_Exercise objective_
Reproduce every entry below precisely; do not include the pictures.
======
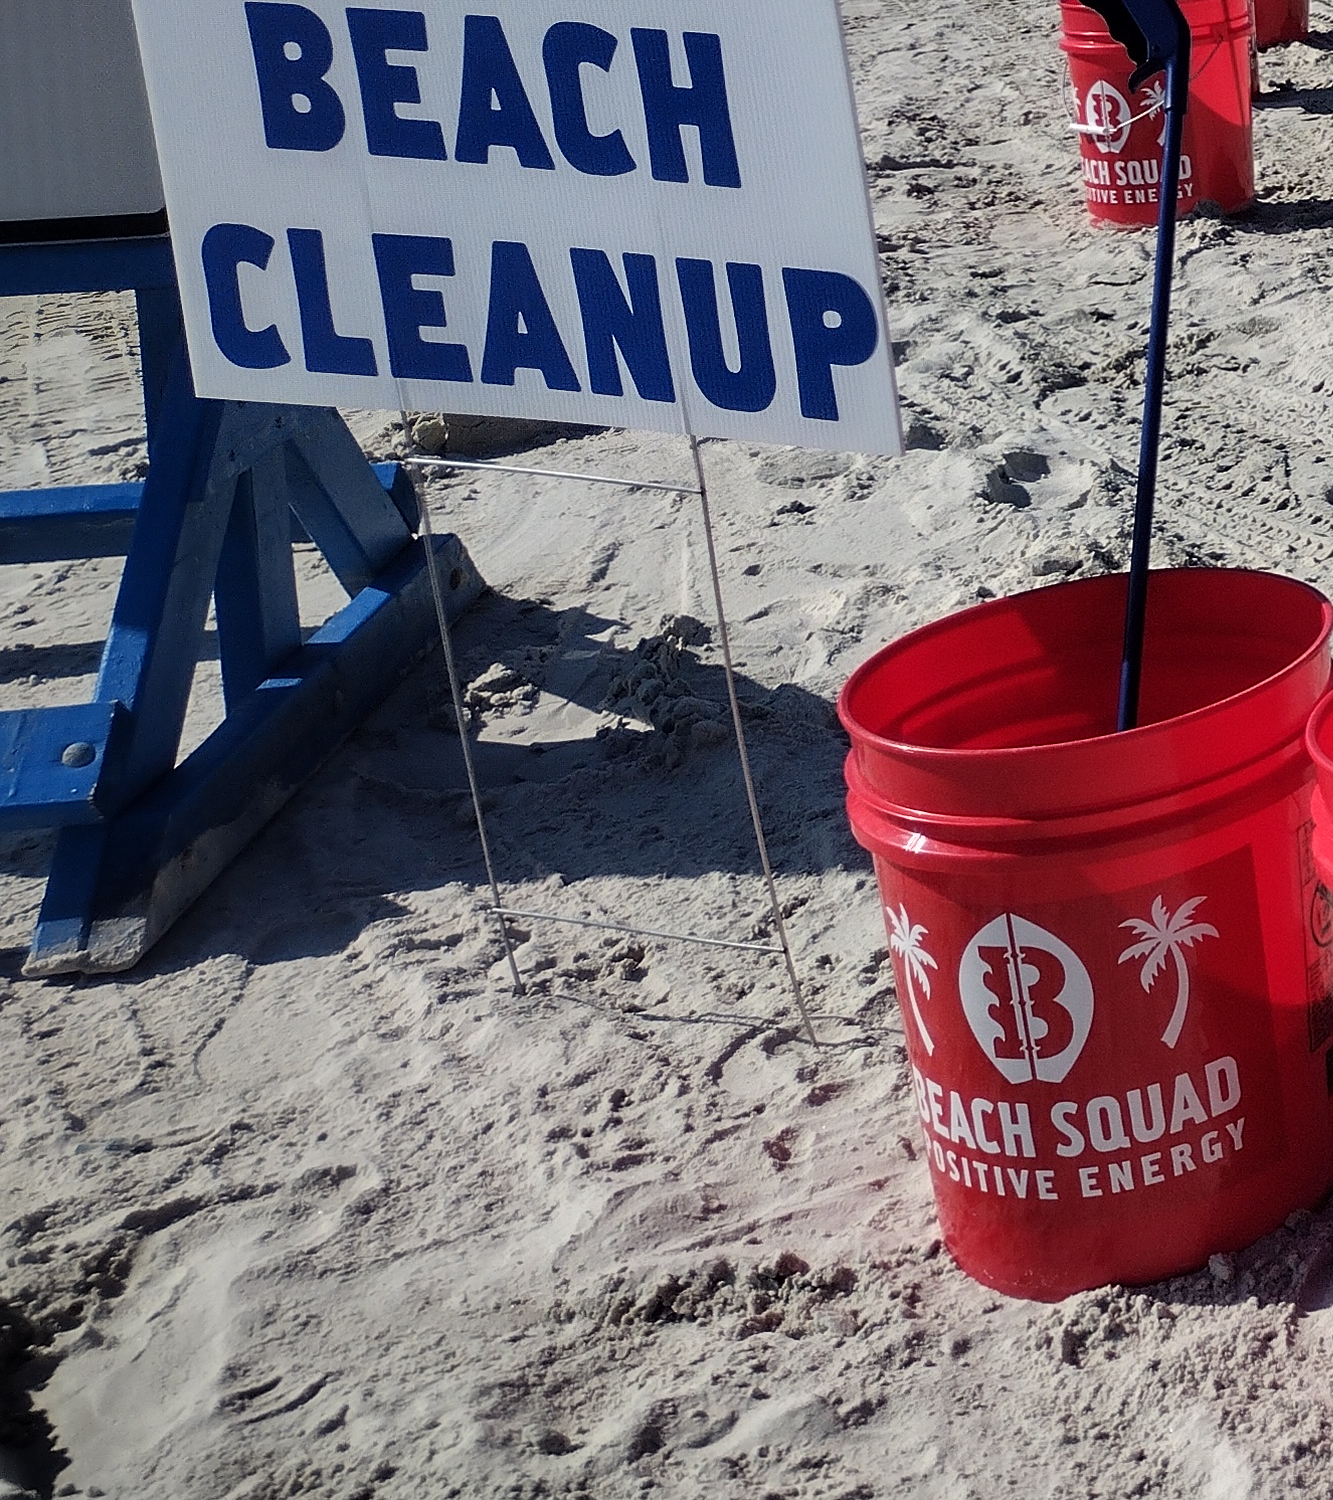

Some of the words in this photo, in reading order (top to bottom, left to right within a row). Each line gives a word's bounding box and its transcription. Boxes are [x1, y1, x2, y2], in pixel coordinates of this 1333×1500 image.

[244, 1, 741, 188] BEACH
[1114, 155, 1192, 186] SQUD
[201, 223, 879, 421] CLEANUP
[912, 1064, 1036, 1158] BEACH
[1051, 1056, 1242, 1157] SQUAD
[924, 1128, 1058, 1200] POSITIVE
[1079, 1117, 1245, 1198] ENERGY
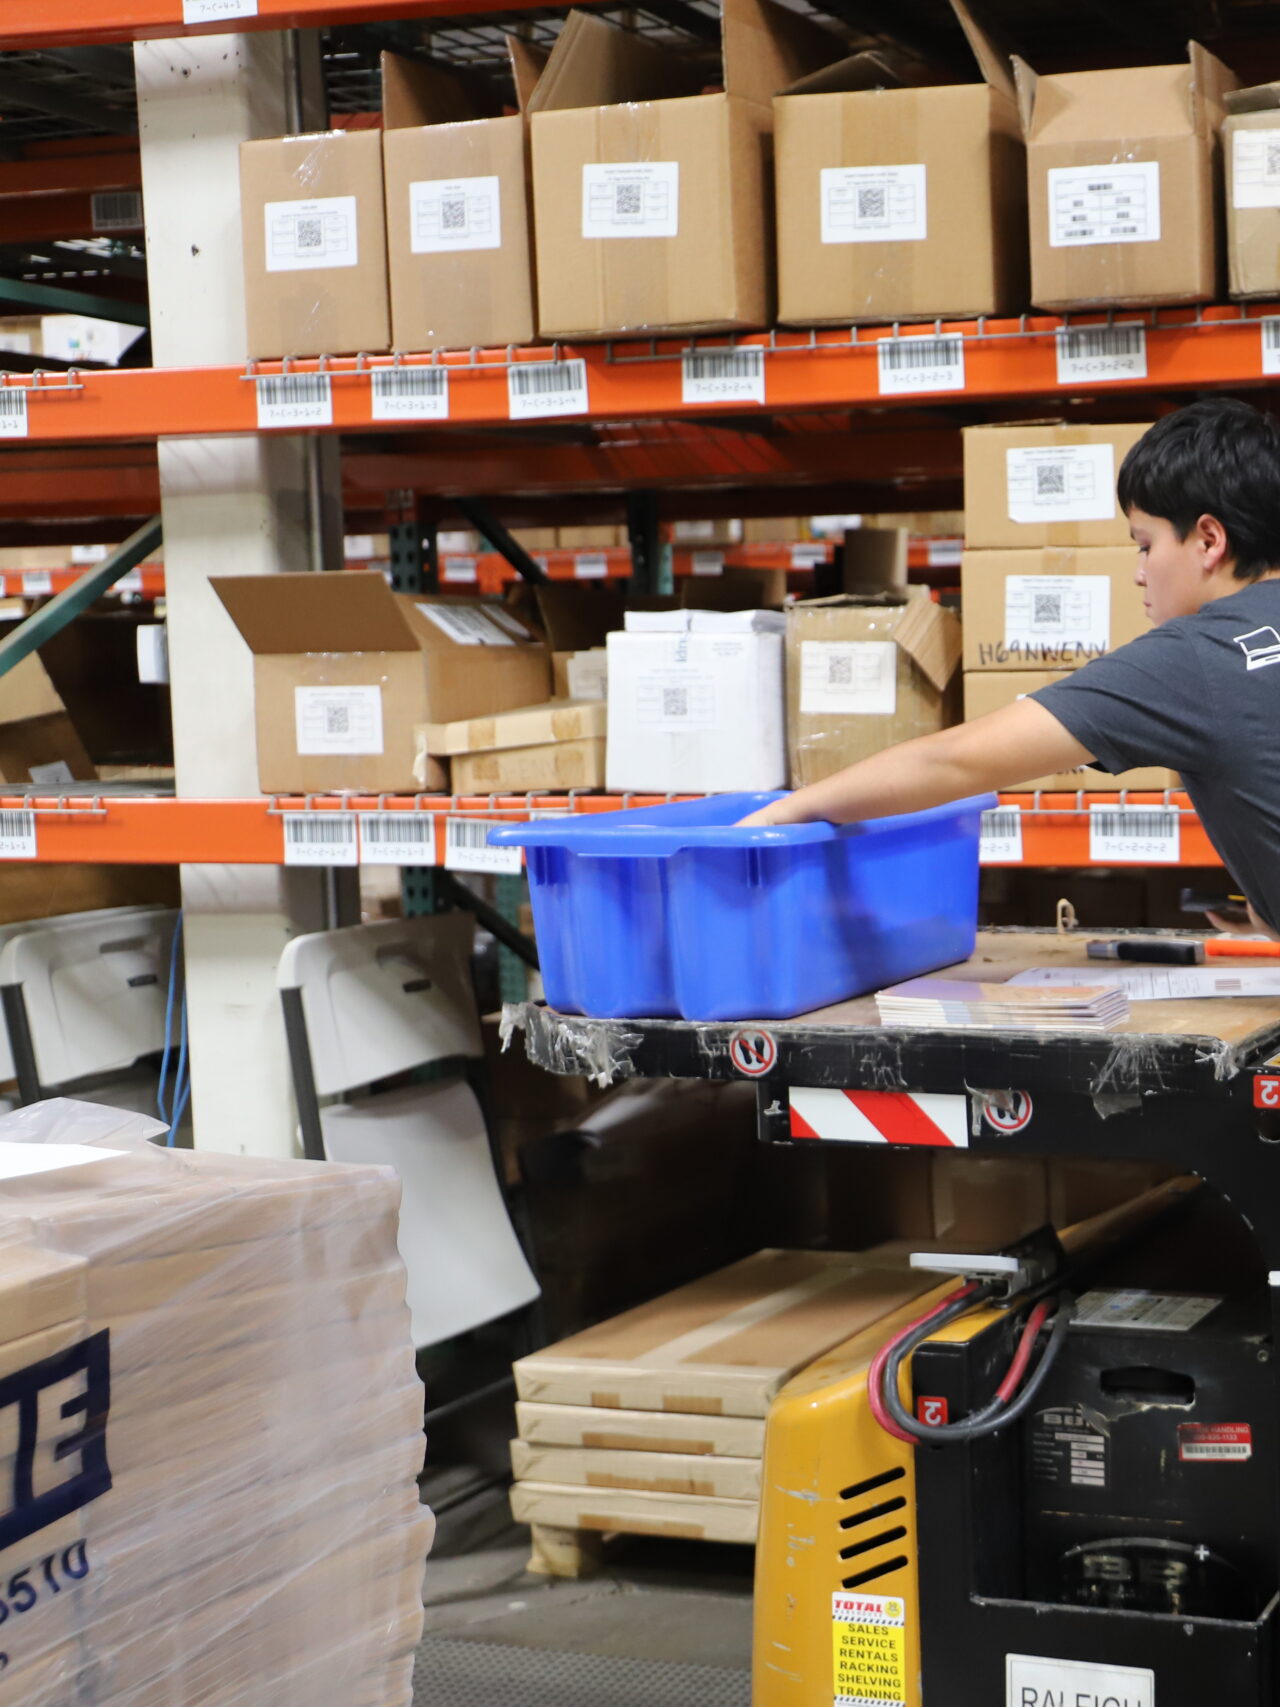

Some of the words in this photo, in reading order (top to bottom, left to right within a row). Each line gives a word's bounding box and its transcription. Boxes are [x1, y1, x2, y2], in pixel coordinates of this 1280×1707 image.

[834, 1600, 883, 1613] TOTAL
[848, 1623, 889, 1636] SALES
[841, 1635, 896, 1649] SERVICE
[840, 1648, 898, 1662] RENTALS
[840, 1661, 898, 1675] RACKING
[838, 1673, 901, 1688] SHELVING
[838, 1686, 901, 1700] TRAINING
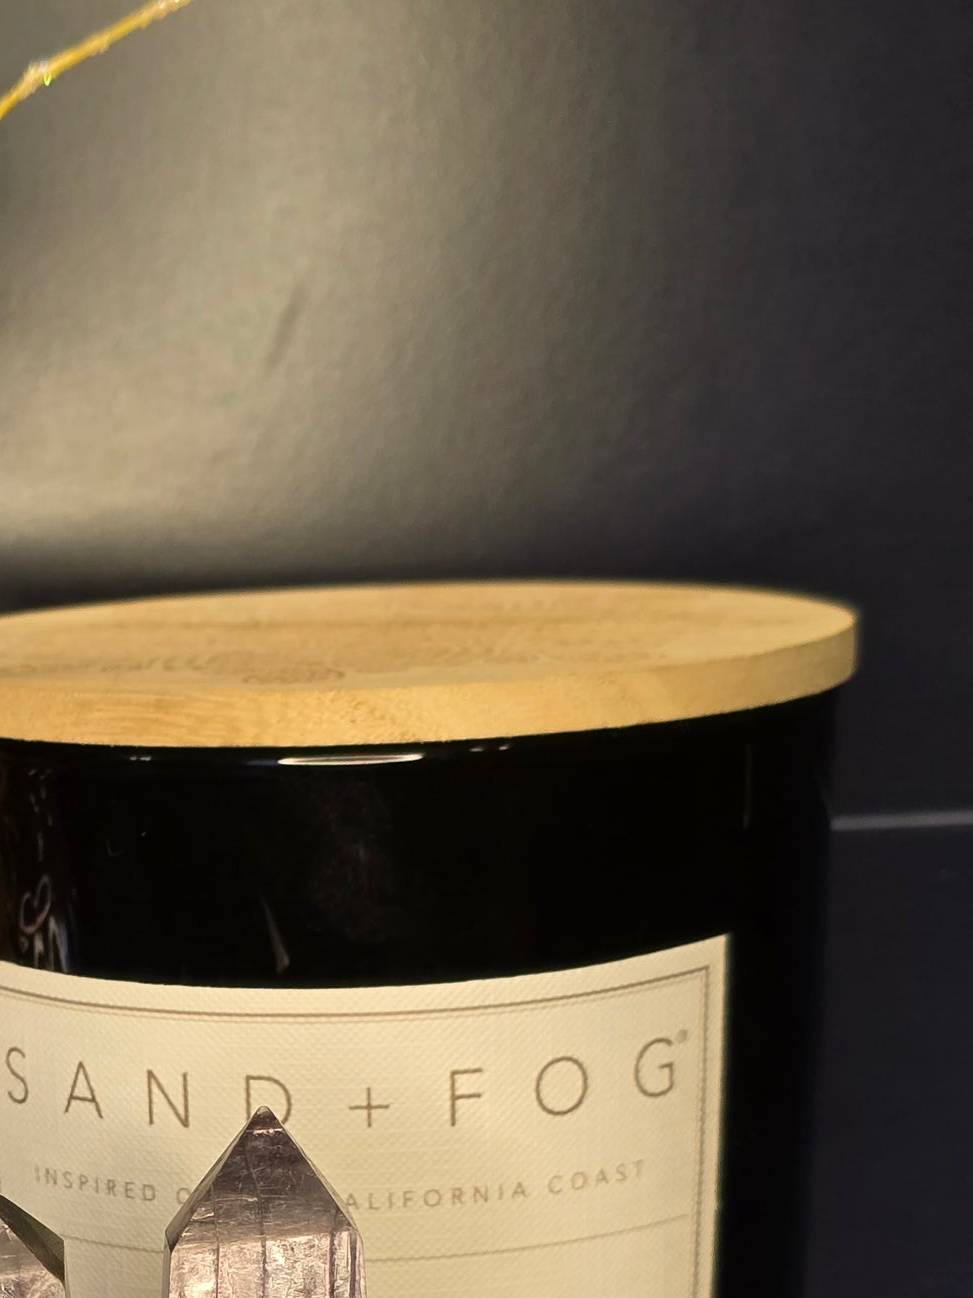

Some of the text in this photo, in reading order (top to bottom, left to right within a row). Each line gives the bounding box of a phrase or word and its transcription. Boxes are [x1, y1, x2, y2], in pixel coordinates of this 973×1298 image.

[5, 1046, 293, 1128] SAND
[34, 1165, 157, 1202] INSPIRED
[344, 1181, 528, 1211] ALIFORNIA
[547, 1158, 644, 1195] COAST
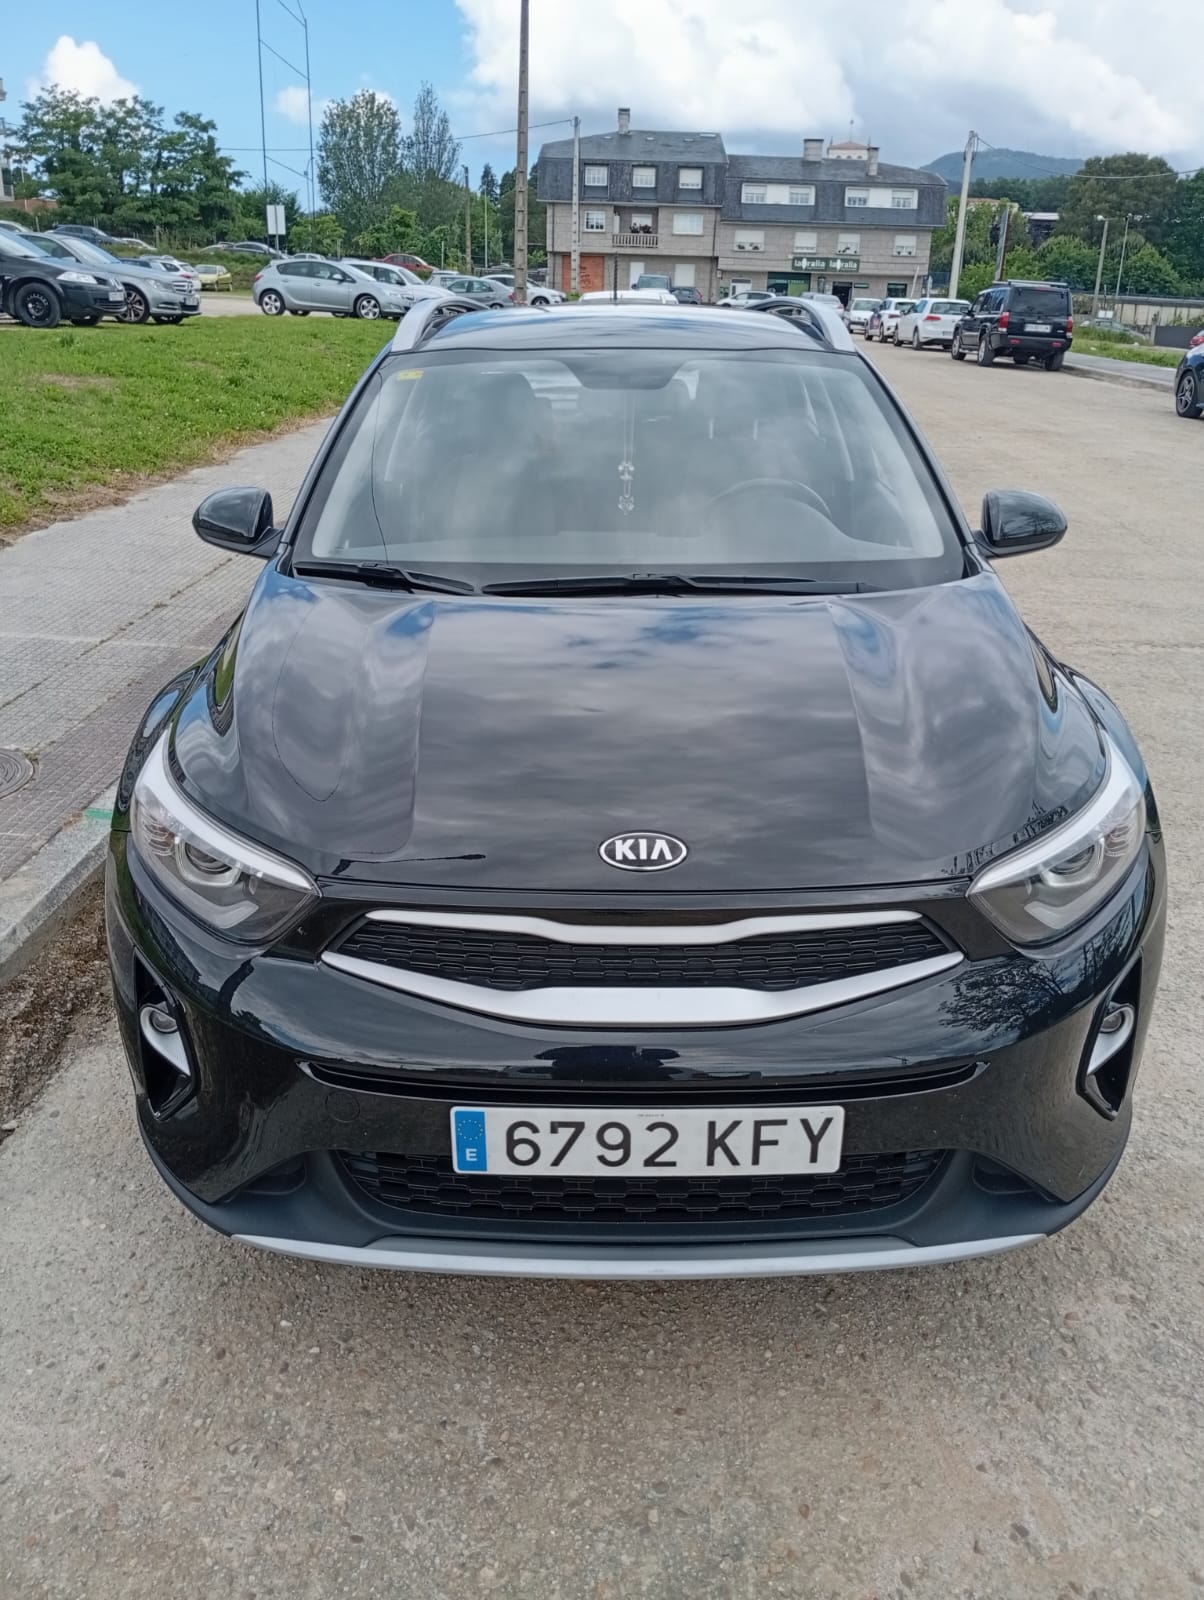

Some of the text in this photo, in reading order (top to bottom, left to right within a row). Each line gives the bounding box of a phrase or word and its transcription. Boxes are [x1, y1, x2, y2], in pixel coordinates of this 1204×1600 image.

[614, 838, 673, 861] KIA
[505, 1117, 834, 1167] 6792 KFY
[465, 1148, 478, 1162] E
======
_Reply_
Some of the words in this photo, in reading order (top to bottom, left to right within a row). Each line gives a word's bounding box and its transcription. Boxes are [x1, y1, x2, y2], in pixel coordinates of this 1333×1500 image.

[244, 1, 741, 188] BEACH
[1114, 155, 1192, 186] SQUD
[201, 223, 879, 421] CLEANUP
[912, 1064, 1036, 1158] BEACH
[1051, 1056, 1242, 1157] SQUAD
[924, 1128, 1058, 1200] POSITIVE
[1079, 1117, 1245, 1198] ENERGY

Some of the words in this photo, in reading order (top to bottom, left to right within a row). Each line gives a word's bounding box and its transcription. Boxes are [x1, y1, x2, y2], in pixel coordinates of this 1280×1707 image.

[834, 1600, 883, 1613] TOTAL
[848, 1623, 889, 1636] SALES
[841, 1635, 896, 1649] SERVICE
[840, 1648, 898, 1662] RENTALS
[840, 1661, 898, 1675] RACKING
[838, 1673, 901, 1688] SHELVING
[838, 1686, 901, 1700] TRAINING

Some of the text in this photo, in reading order (top to bottom, left to right within a row). Each line gives the bounding box of a phrase or word and its transcription. Boxes are [x1, y1, x2, y2], in pixel coordinates of this 973×1298 image.

[5, 1046, 293, 1128] SAND
[34, 1165, 157, 1202] INSPIRED
[344, 1181, 528, 1211] ALIFORNIA
[547, 1158, 644, 1195] COAST

Some of the text in this photo, in reading order (top to bottom, left to right within a row). Each line gives the bounding box of a phrase or word and its transcription. Boxes are [x1, y1, x2, y2], in pixel coordinates of this 1204×1600 image.

[614, 838, 673, 861] KIA
[505, 1117, 834, 1167] 6792 KFY
[465, 1148, 478, 1162] E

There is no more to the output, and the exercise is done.